HOEVELER, District Judge.

THIS CAUSE comes before the Court upon the Defendant's Motion for Summary Judgment, filed June 6, 2000 and the Defendant's Motion for Summary Judgment Based on Fed.R.Civ.P. 41, filed July 10, 2000.

Background

In 1984, thirteen Arizona nursery owners agreed to sell their nursery businesses to World Nurseries, Inc. ("World") which apparently thought that it could use the nursery assets to create a tax shelter for other businesses. Of the $ 22.1 million purchase price, $ 3 million was to be paid in cash, $ 17 million pursuant to a promissory note from World, and the remaining $ 2.1 million was contingent on the sale of certain nursery stock.

In a separate transaction, World immediately sold the nursery assets (and accompanying tax benefits) to a limited partnership calling itself Arizona World Nurseries, ("Arizona World") for $ 33 million. Arizona World, paid $ 6.57 million in cash and issued a promissory note for the remaining $ 26.43 million the note itself was nonrecourse as to the partnership, however, the partners themselves were liable (to World) for up to $260,000 for each ($100,000) unit of the partnership purchased. To secure the promissory note, Arizona World granted World a purchase money security interest (PMSI) in the nursery assets. World, in turn, conveyed the PMSI to the thirteen nursery owners.

After barely a year, Arizona World was unable to make payments on the promissory note to World, which meant that World could not pay its own promissory note to the thirteen nursery owners. So the nursery owners, represented by agent Western United Nurseries, Inc. (hereinafter "Western United"), filed suit in Arizona state court and obtained a judgment against World in October 1986.

Two months later, in December 1986, Western United assigned part of its judgment to a newly formed entity comprised, in part, by some of the original thirteen nursery owners-this new entity called itself Western Group Nurseries (hereinafter WGN).
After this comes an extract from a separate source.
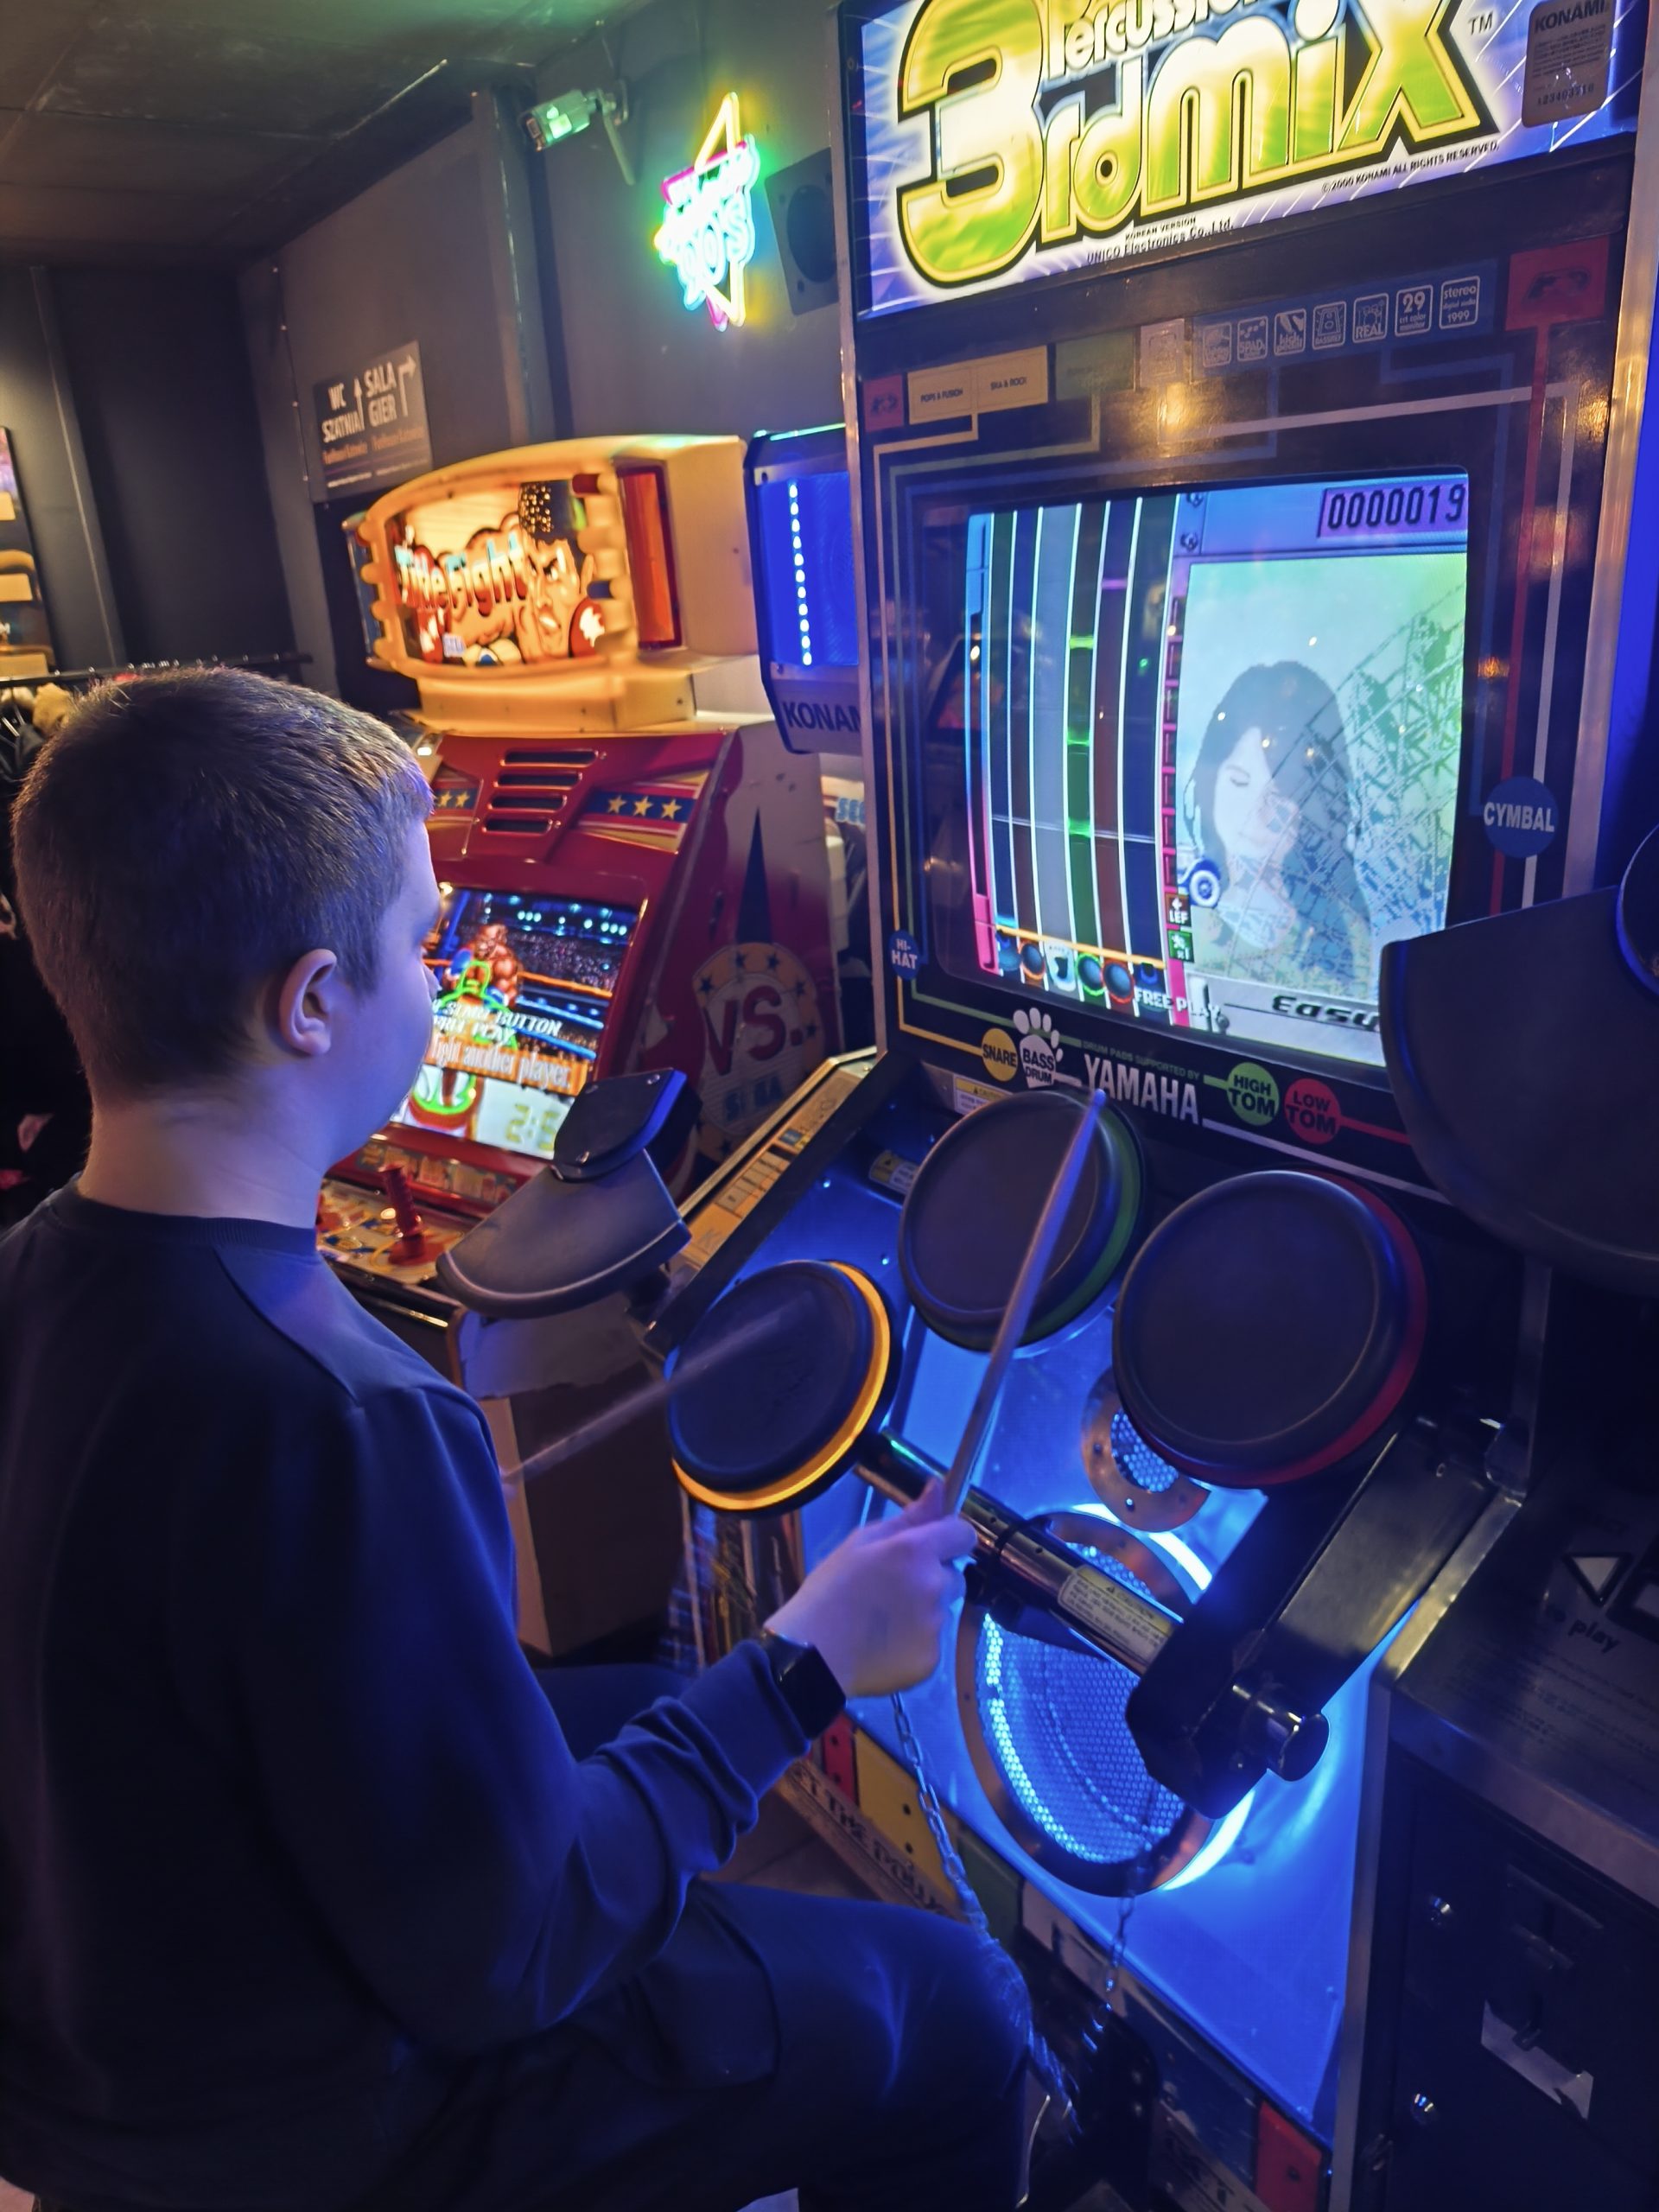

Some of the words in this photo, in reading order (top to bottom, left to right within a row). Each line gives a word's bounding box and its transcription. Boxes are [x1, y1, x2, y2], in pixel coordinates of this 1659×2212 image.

WGN bid at the sheriff's sale of World's collateral and purchased the promissory note (between World and Arizona World). Since that time WGN has sought the assistance of this Court to collect payment for the note.

In the proceedings presently before the court, WGN sues Martin Ergas ("Ergas"), a limited partner of the tax shelter partnership Arizona World, L.P., to force him to pay his pro rata share of a promissory note entered into by the partnership.

Summary Judgment Standard

Rule 56(C) of the Federal Rules of Civil Procedure provides that summary judgment is appropriate only where the moving party is entitled to judgment as a matter of law. A court's task is not "to weigh the evidence and determine the truth of the matter but to determine whether there is a genuine issue for trial." Anderson v. Liberty Lobby, Inc., 477 U.S. 242, 249, 106 S.Ct. 2505, 91 L.Ed.2d 202 (1986). The purpose of the summary judgment rule is to dispose of unsupported claims or defenses which, as a matter of law, raise no genuine issues of material fact suitable for trial. Celotex Corp. v. Catrett, 477 U.S. 317, 322-23, 106 S.Ct. 2548, 91 L.Ed.2d 265 (1986).
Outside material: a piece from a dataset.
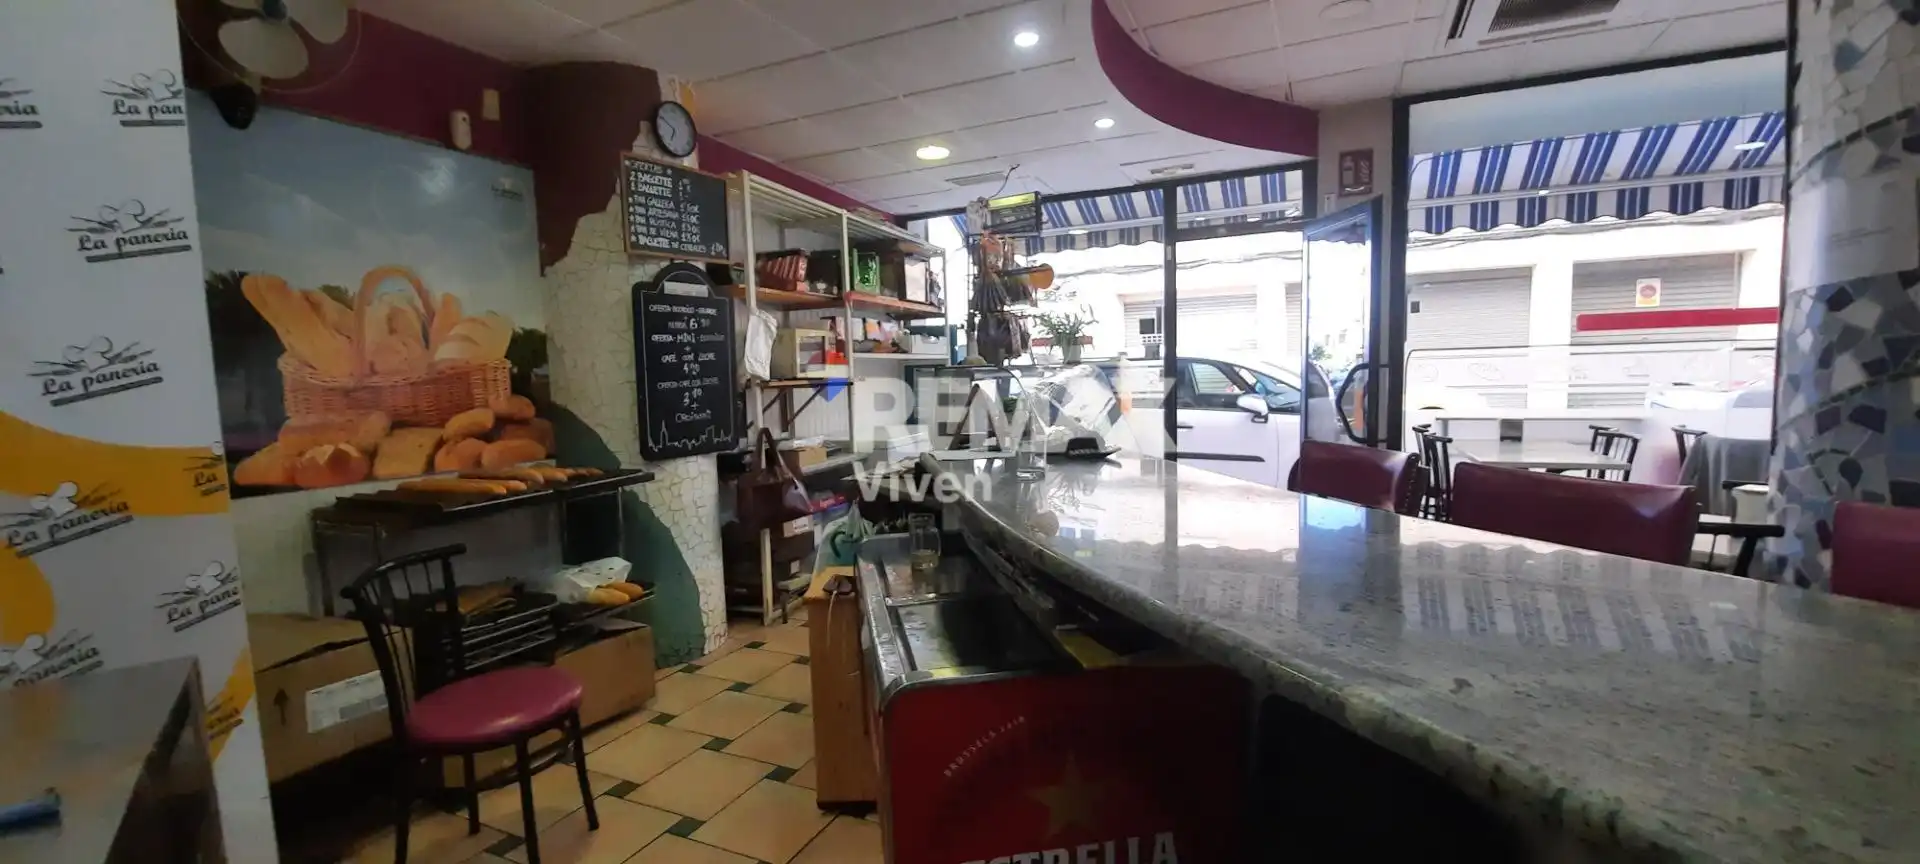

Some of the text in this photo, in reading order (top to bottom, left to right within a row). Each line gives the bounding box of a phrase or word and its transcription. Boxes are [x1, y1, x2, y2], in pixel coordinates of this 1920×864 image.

The party who moves for summary judgment bears the initial burden "to show the district court, by reference to materials on file, that there is no genuine issue of material fact that should be decided at trial." Clark v. Coats & Clark, Inc., 929 F.2d 604, 608 (11th Cir.1991). A court must view the evidence presented in a light most favorable to the non-moving party.
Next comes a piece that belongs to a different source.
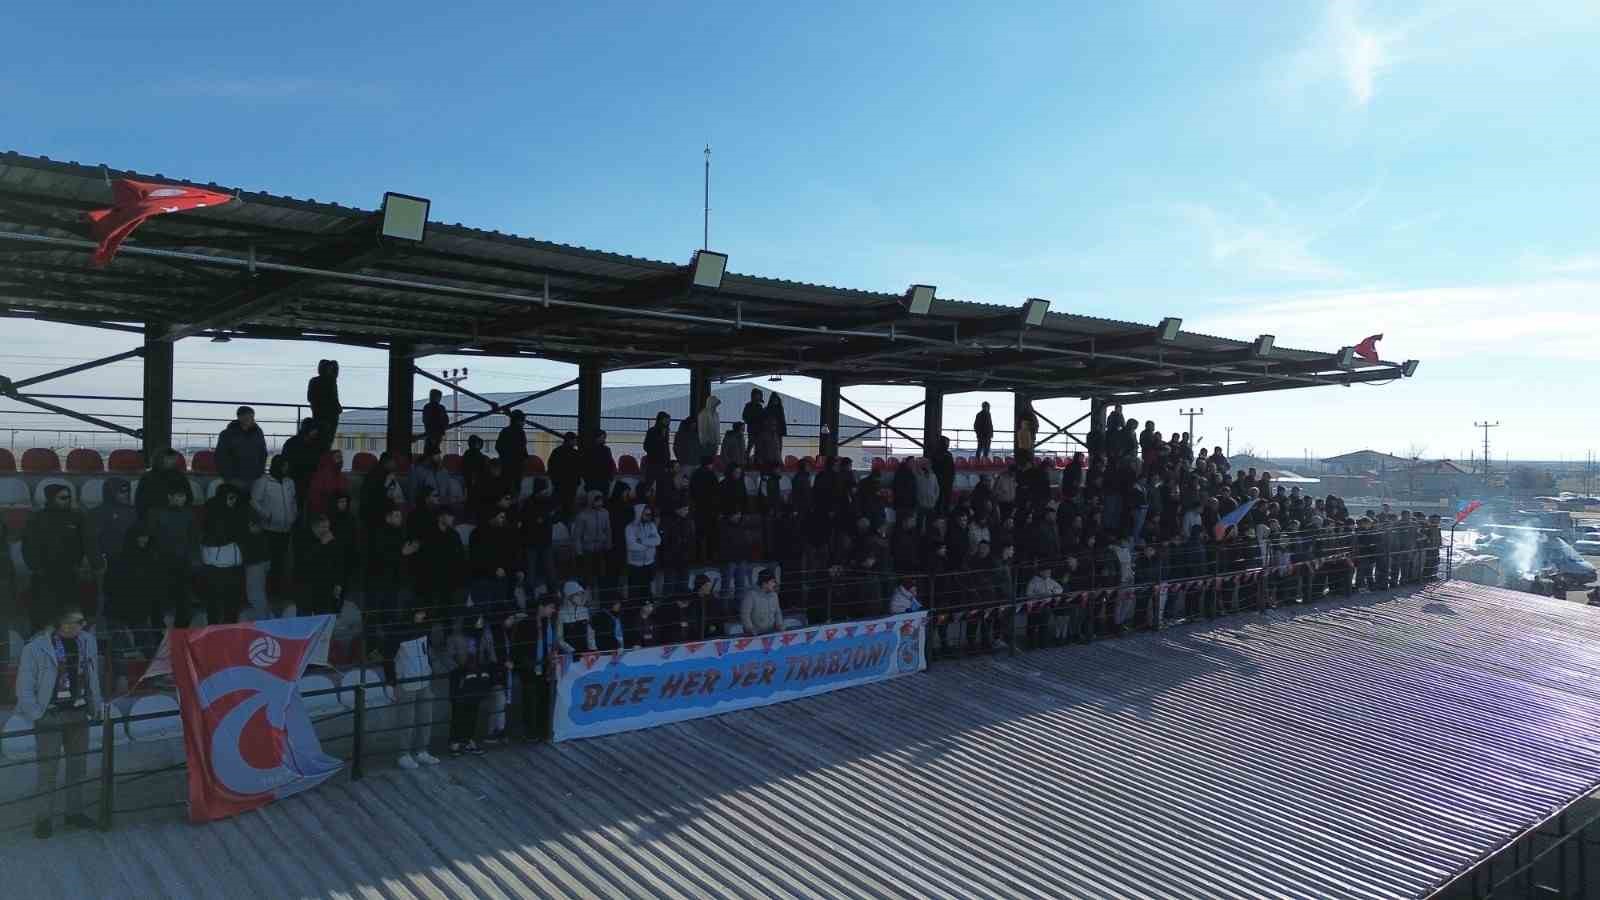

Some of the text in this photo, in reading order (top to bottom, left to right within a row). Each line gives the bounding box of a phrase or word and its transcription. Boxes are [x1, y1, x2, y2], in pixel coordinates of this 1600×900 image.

[582, 674, 655, 711] BİZE
[660, 669, 721, 699] HER
[728, 661, 776, 689] YER
However, once the moving party meets his initial burden, "the burden shift[s] to the non-moving party to demonstrate that there is indeed a material issue of fact that precludes summary judgment." Id. at 608. The non-moving party may not rest upon mere allegations or denials in his pleadings, but must set forth specific facts, through affidavits or the other forms of evidence provided for by the rules. Adickes v. S.H. Kress & Co., 398 U.S. 144, 157, 90 S.Ct. 1598, 26 L.Ed.2d 142 (1970). Essentially, "the inquiry ... is ... whether the evidence presents a sufficient disagreement to require submission to a jury or whether it is so one-sided that one party must prevail as a matter of law." Anderson, 477 U.S. at 251-52, 106 S.Ct. 2505. With this standard in mind, we address the Defendant's Motions for Summary Judgment.

Defendant's Motions for Summary Judgment

In the first motion, Ergas argues that Arizona law determines the appropriate statute of limitations for filing claims. According to Ergas, since Western United and WGN (its predecessor in interest) could have filed suit in February 1986, this action (brought in July 1990) is time barred by Arizona's four-year statute of limitations.

WGN's response is two-fold: First WGN urges that the six-year New York statute of limitations applies; second, WGN asserts that the cause of action actually accrued in November 1986 (not February 1986), thus even under Arizona law, it would not be time barred. Ergas replies that WGN's judicial pleadings collaterally estop it from challenging either choice of law, or accrual of the action.

In the second motion, Ergas argues that the pending action is barred by Rule 41(a)(1) of the Federal Rules of Civil Procedure which states in relevant part: "a notice of dismissal operates as an adjudication upon the merits when filed by a plaintiff who has once dismissed in any court of the United States or of any state an action based on or including the same claim." Fed.R.Civ.P. 41(a)(1).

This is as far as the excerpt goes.